Output all entries verbatim. Skip pictures.

Dataset records:
_ _ _ _
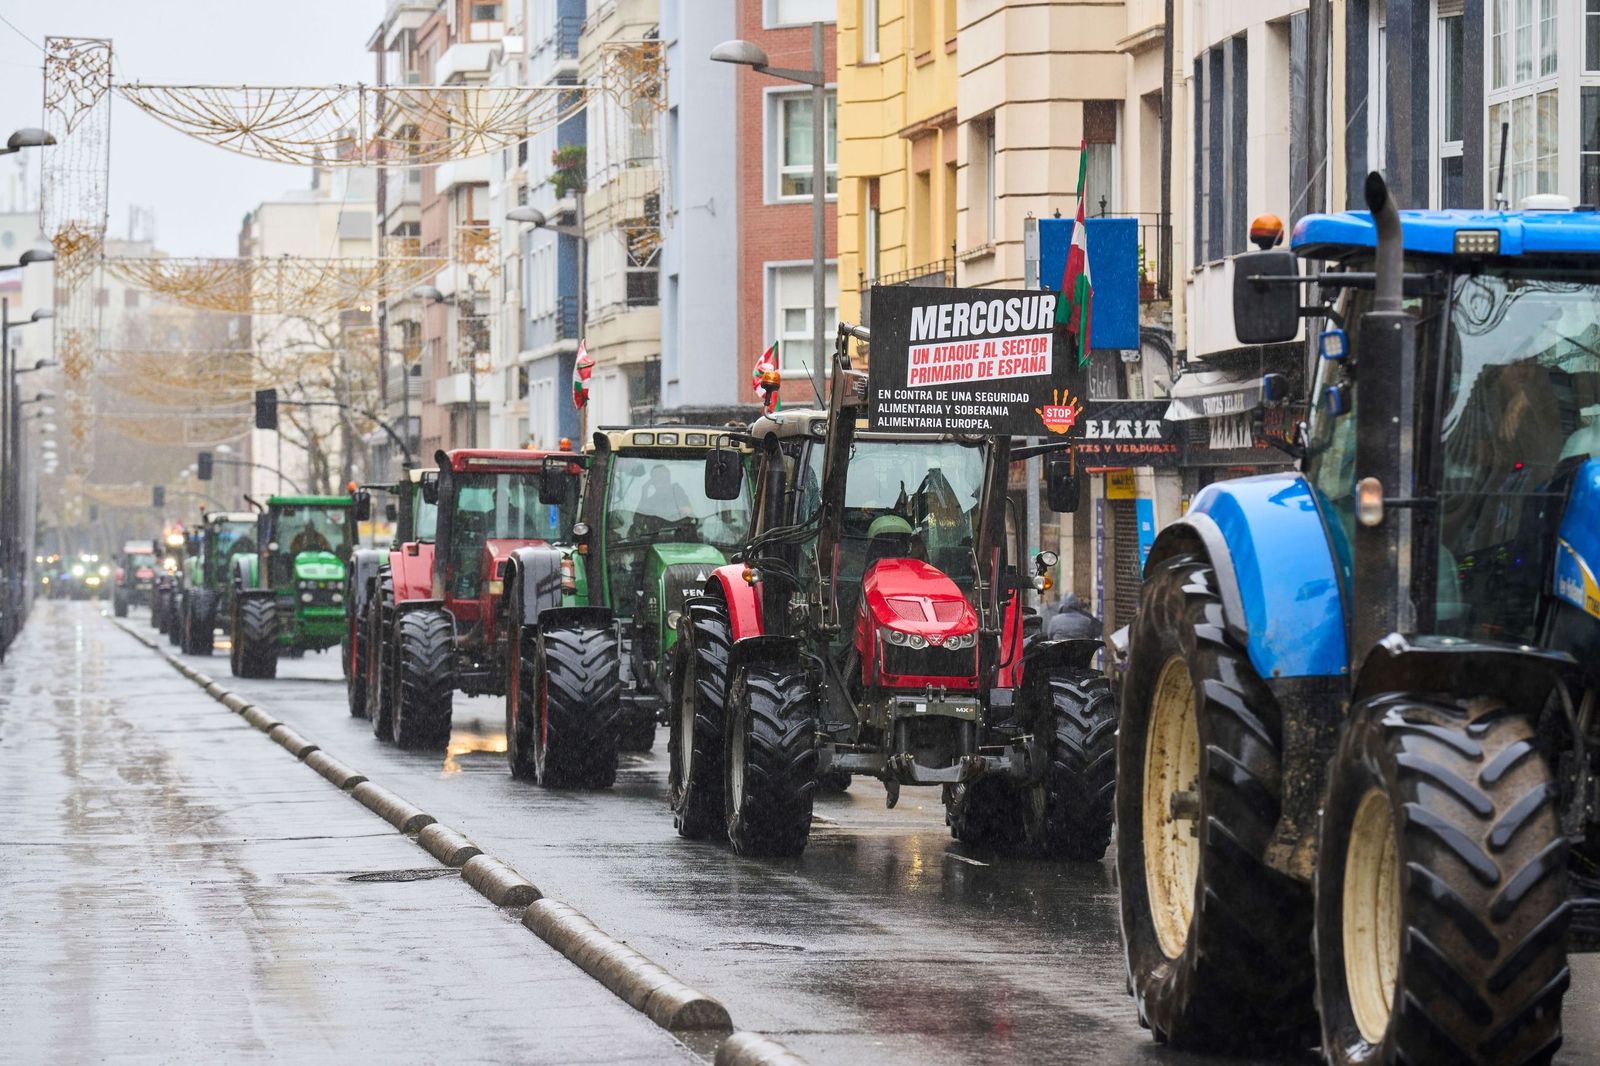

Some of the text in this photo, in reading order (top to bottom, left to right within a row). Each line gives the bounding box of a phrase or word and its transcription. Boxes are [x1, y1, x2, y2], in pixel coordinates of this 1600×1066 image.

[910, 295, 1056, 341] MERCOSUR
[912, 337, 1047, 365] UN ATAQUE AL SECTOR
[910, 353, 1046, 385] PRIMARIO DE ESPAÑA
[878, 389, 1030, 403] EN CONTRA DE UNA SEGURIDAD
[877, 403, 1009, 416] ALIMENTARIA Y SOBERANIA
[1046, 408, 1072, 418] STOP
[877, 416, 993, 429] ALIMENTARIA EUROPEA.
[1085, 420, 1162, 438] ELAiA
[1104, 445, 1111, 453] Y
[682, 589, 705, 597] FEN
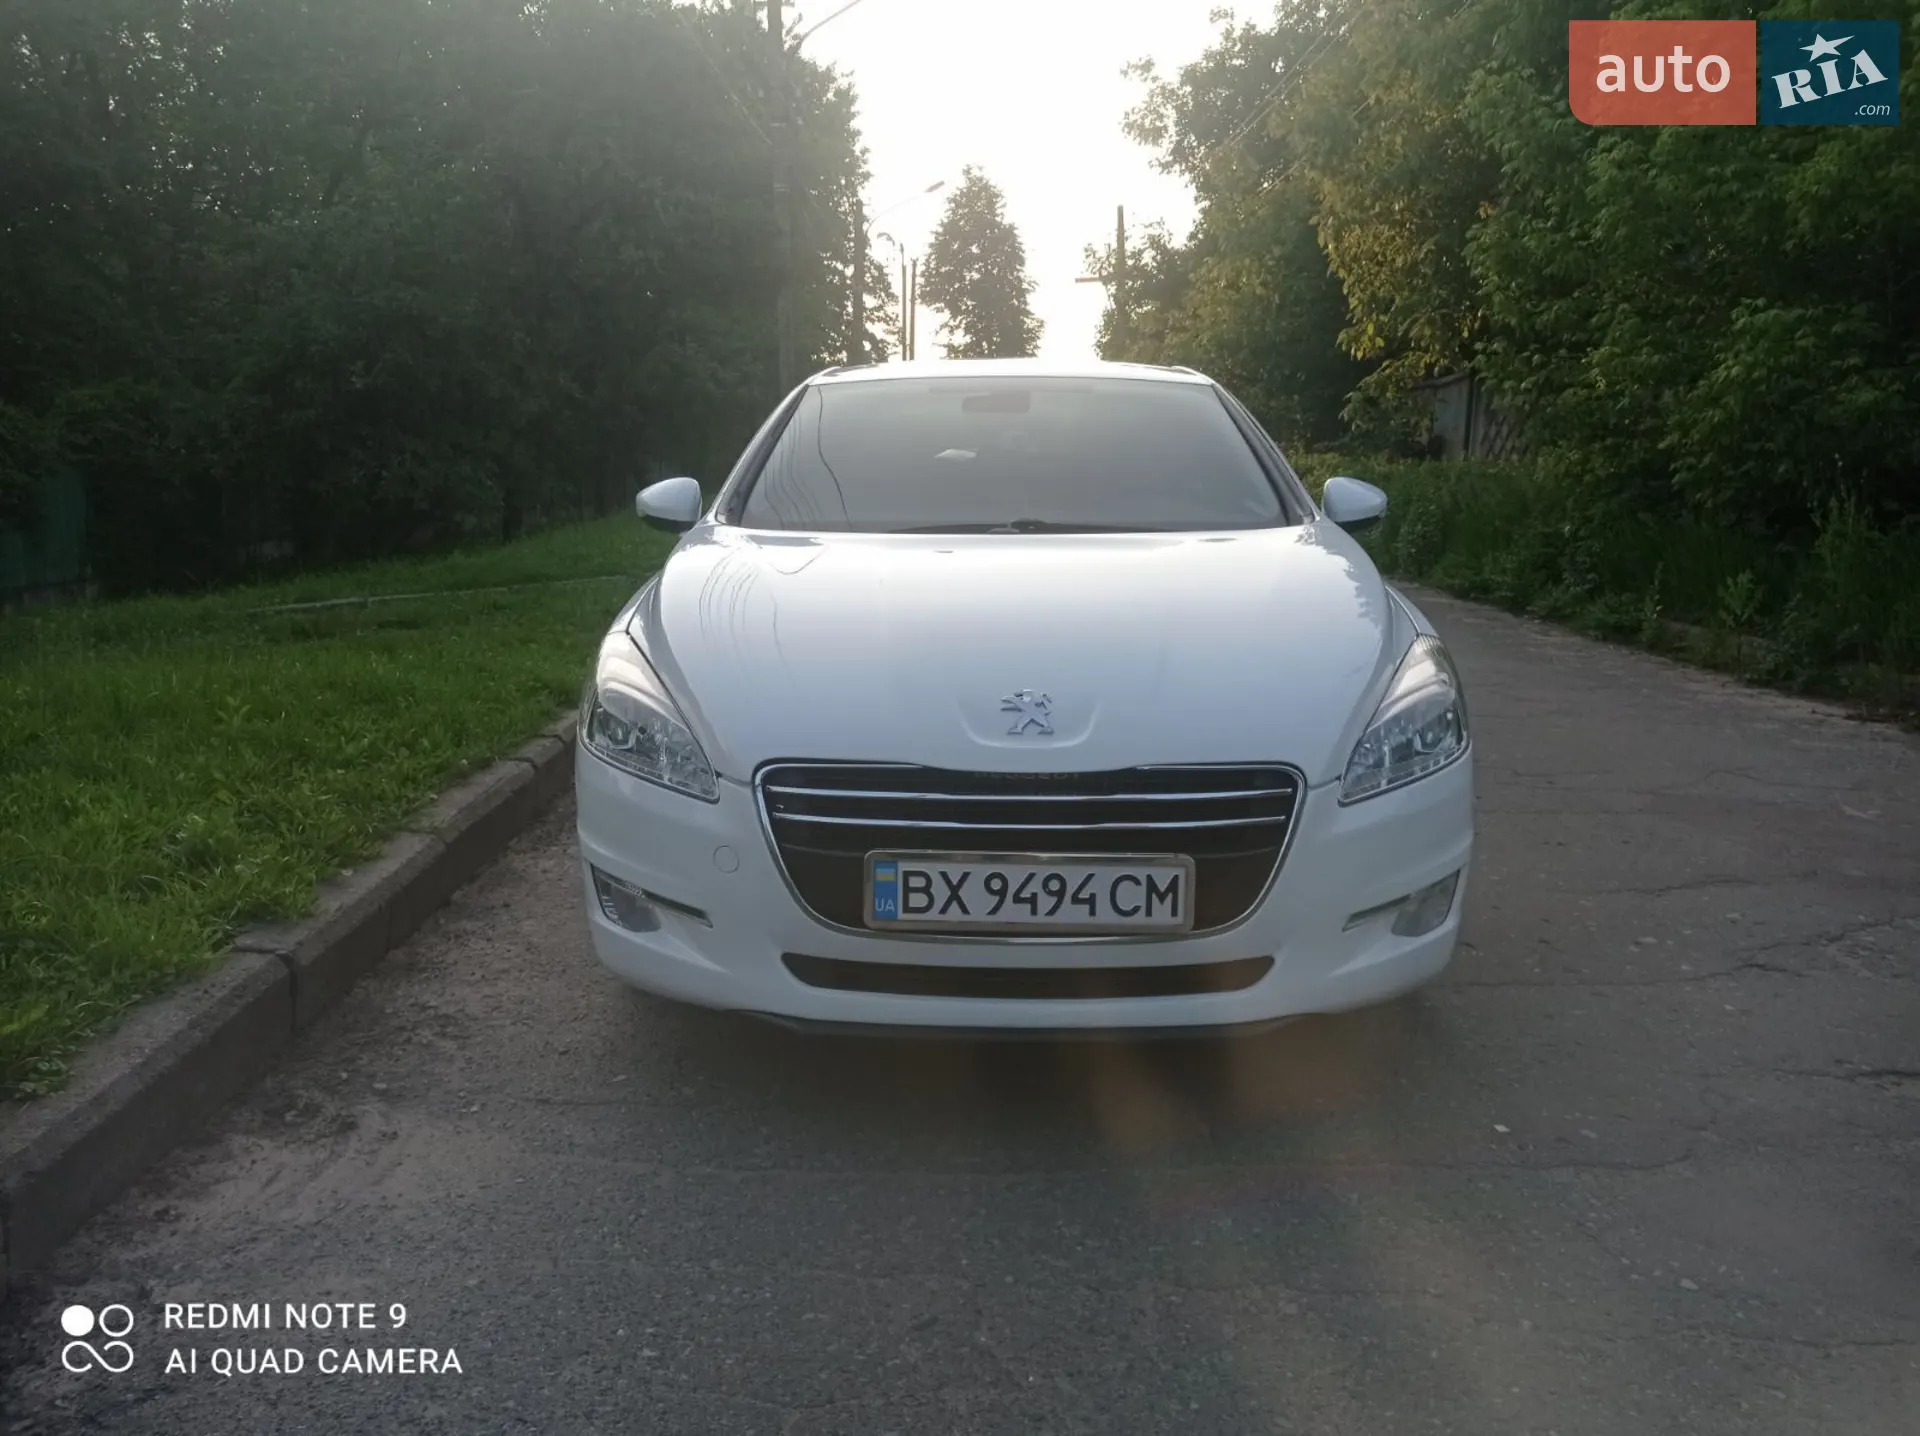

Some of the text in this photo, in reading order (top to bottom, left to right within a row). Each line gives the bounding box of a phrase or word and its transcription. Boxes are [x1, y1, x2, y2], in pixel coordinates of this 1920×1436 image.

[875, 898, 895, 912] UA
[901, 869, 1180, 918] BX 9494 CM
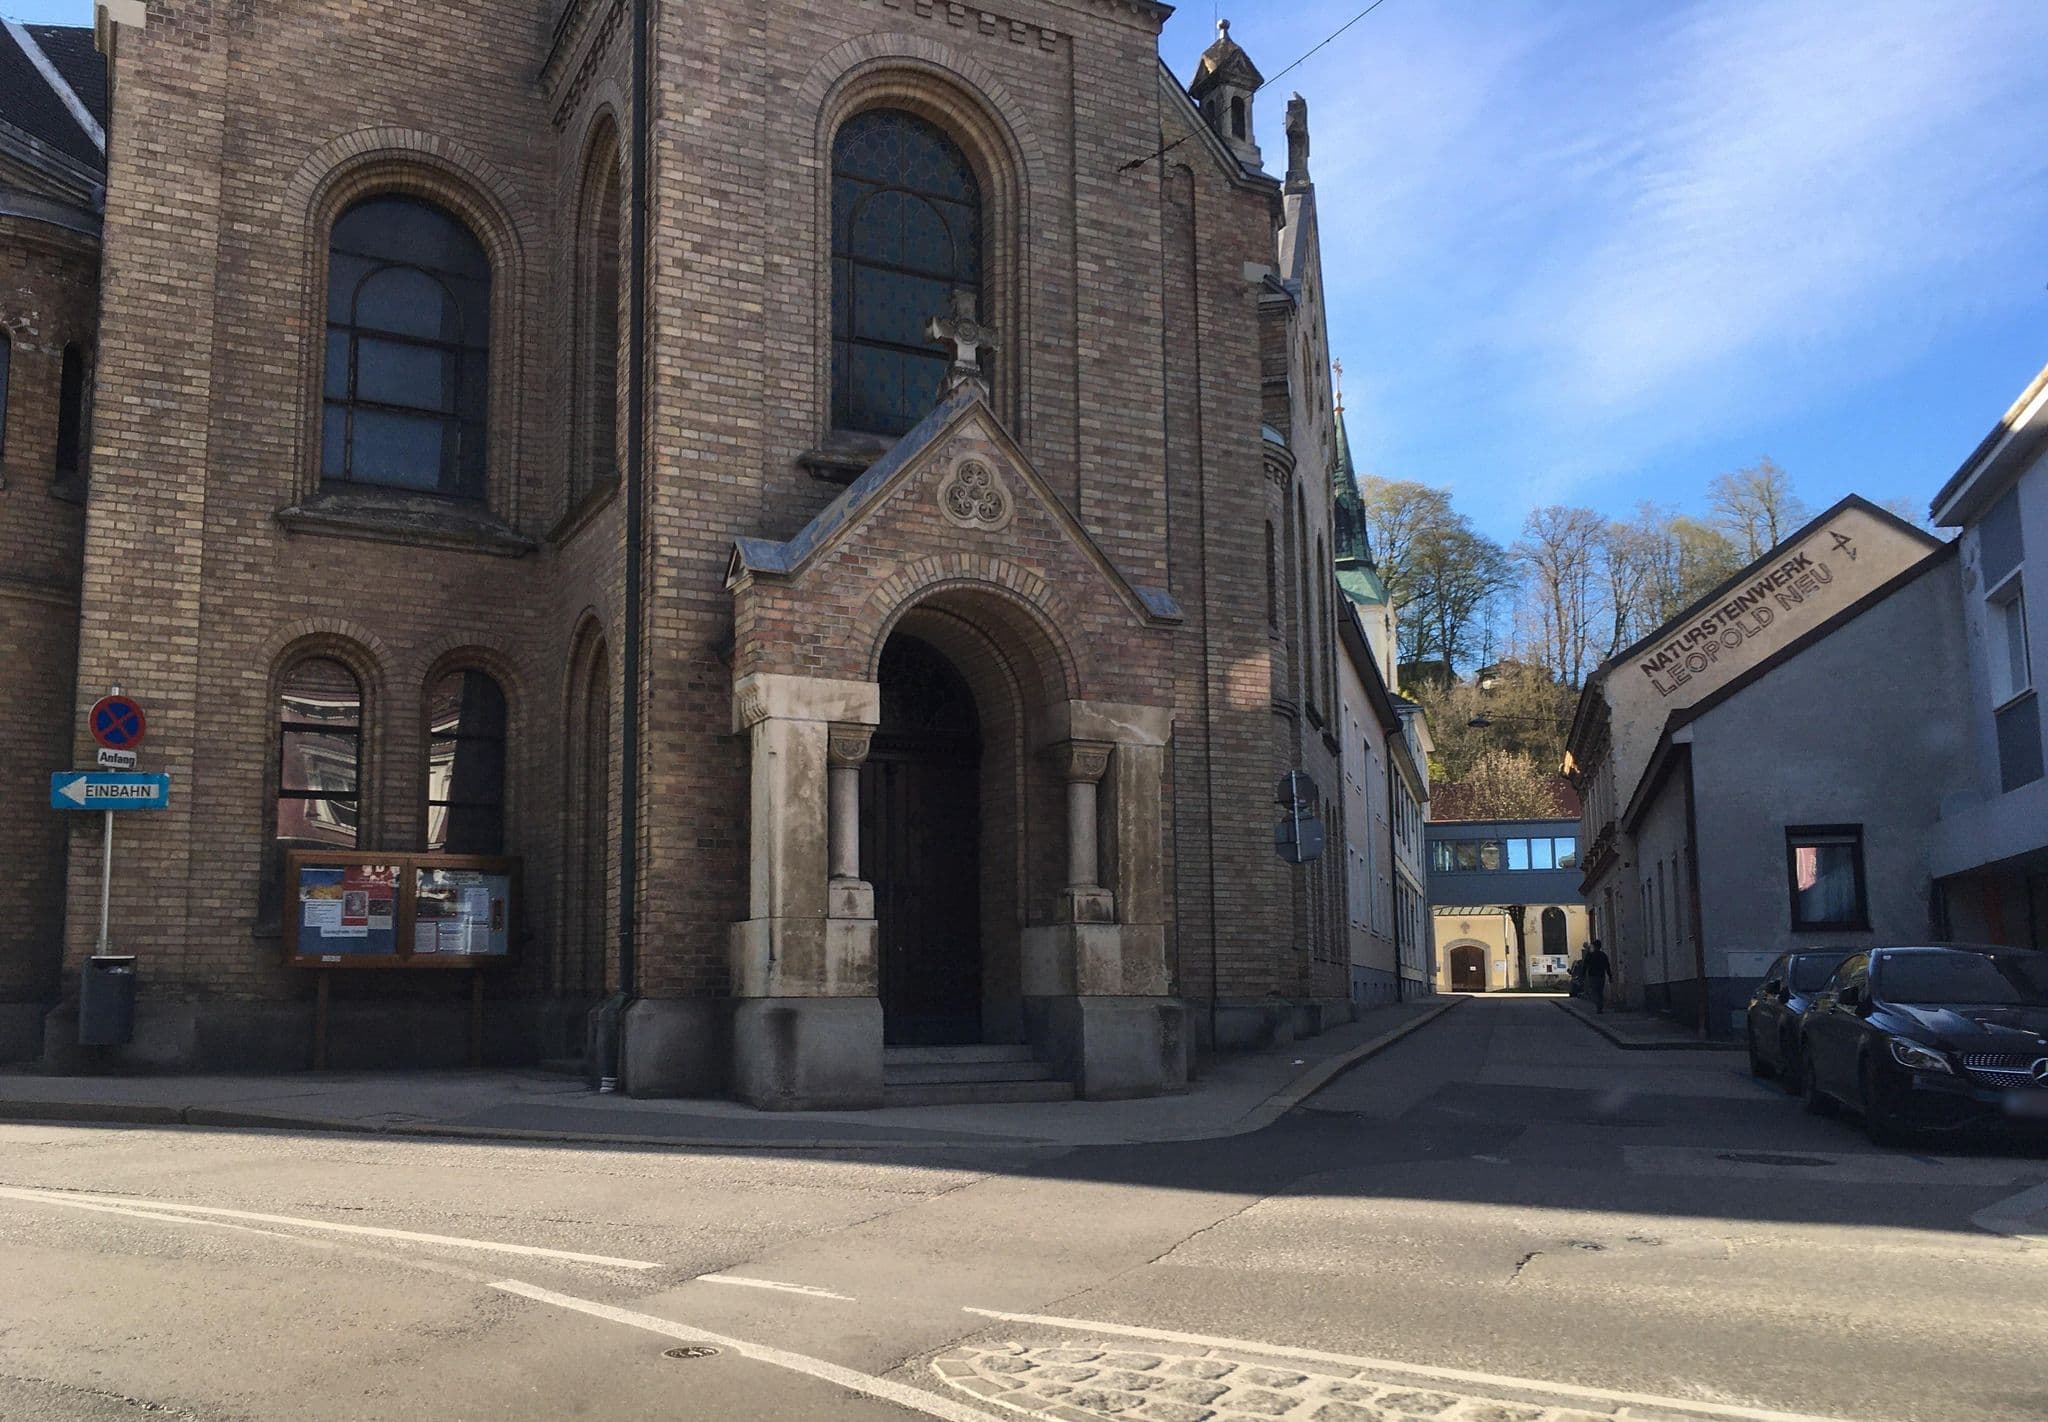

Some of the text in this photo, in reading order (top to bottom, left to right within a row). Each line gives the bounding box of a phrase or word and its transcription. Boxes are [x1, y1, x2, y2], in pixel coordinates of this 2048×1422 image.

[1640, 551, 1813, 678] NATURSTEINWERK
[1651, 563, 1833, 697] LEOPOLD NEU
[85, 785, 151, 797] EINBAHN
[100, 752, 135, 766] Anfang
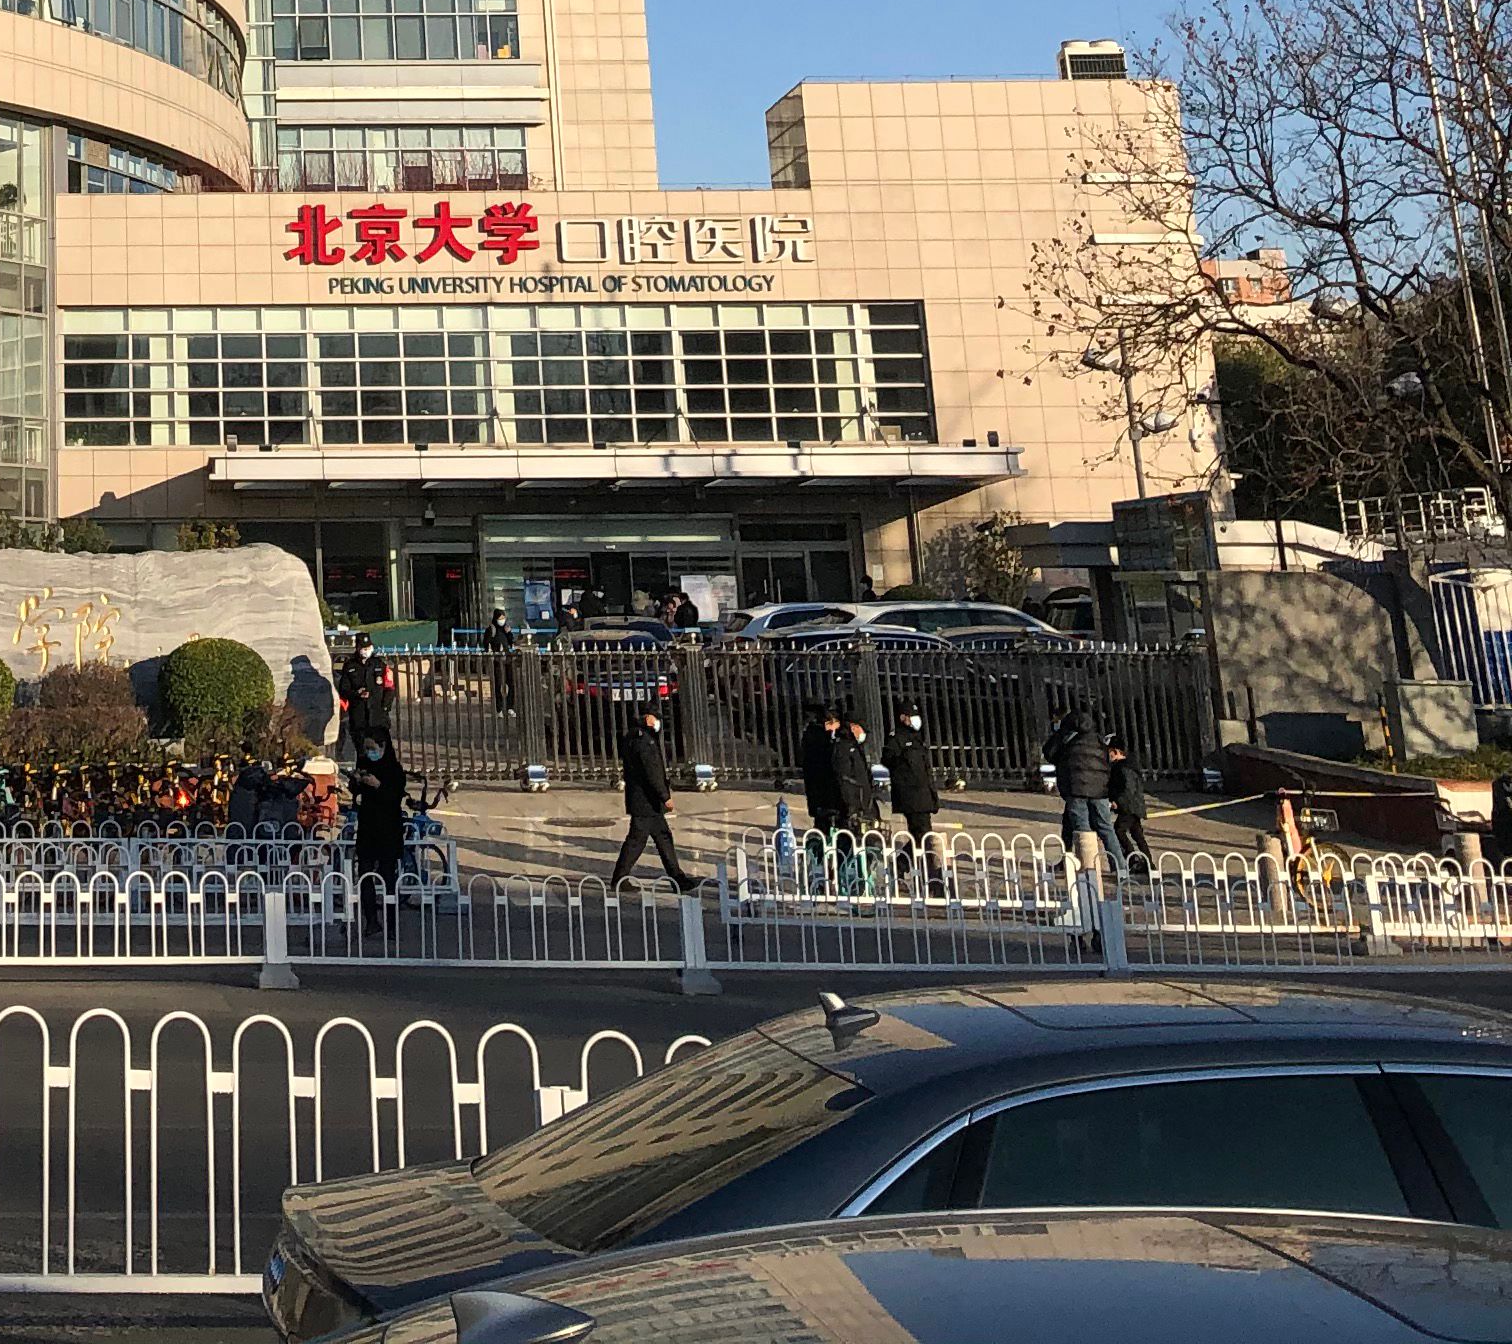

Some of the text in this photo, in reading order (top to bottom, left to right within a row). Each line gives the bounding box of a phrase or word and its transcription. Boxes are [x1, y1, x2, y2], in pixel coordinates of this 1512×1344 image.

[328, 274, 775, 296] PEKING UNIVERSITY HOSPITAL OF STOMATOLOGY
_ _ _ _
Response for this exercise:
Some of the text in this photo, in reading order (top to bottom, left to right within a row). Each line gives the bounding box of a phrase or word and its transcription. Boxes are [x1, y1, x2, y2], in pixel coordinates of this 1600×1066 image.

[910, 295, 1056, 341] MERCOSUR
[912, 337, 1047, 365] UN ATAQUE AL SECTOR
[910, 353, 1046, 385] PRIMARIO DE ESPAÑA
[878, 389, 1030, 403] EN CONTRA DE UNA SEGURIDAD
[877, 403, 1009, 416] ALIMENTARIA Y SOBERANIA
[1046, 408, 1072, 418] STOP
[877, 416, 993, 429] ALIMENTARIA EUROPEA.
[1085, 420, 1162, 438] ELAiA
[1104, 445, 1111, 453] Y
[682, 589, 705, 597] FEN

Some of the text in this photo, in reading order (top to bottom, left to right within a row). Each line gives the bounding box of a phrase or word and its transcription. Boxes are [x1, y1, x2, y2], in pixel coordinates of this 1920×1436 image.

[875, 898, 895, 912] UA
[901, 869, 1180, 918] BX 9494 CM

Some of the text in this photo, in reading order (top to bottom, left to right within a row). Each line gives the bounding box of a phrase or word and its transcription. Boxes are [x1, y1, x2, y2], in pixel coordinates of this 2048×1422 image.

[1640, 551, 1813, 678] NATURSTEINWERK
[1651, 563, 1833, 697] LEOPOLD NEU
[85, 785, 151, 797] EINBAHN
[100, 752, 135, 766] Anfang

Some of the text in this photo, in reading order (top to bottom, left to right within a row). Each line gives the bounding box of a phrase or word and its transcription. Boxes are [x1, y1, x2, y2], in pixel coordinates of this 1512×1344 image.

[328, 274, 775, 296] PEKING UNIVERSITY HOSPITAL OF STOMATOLOGY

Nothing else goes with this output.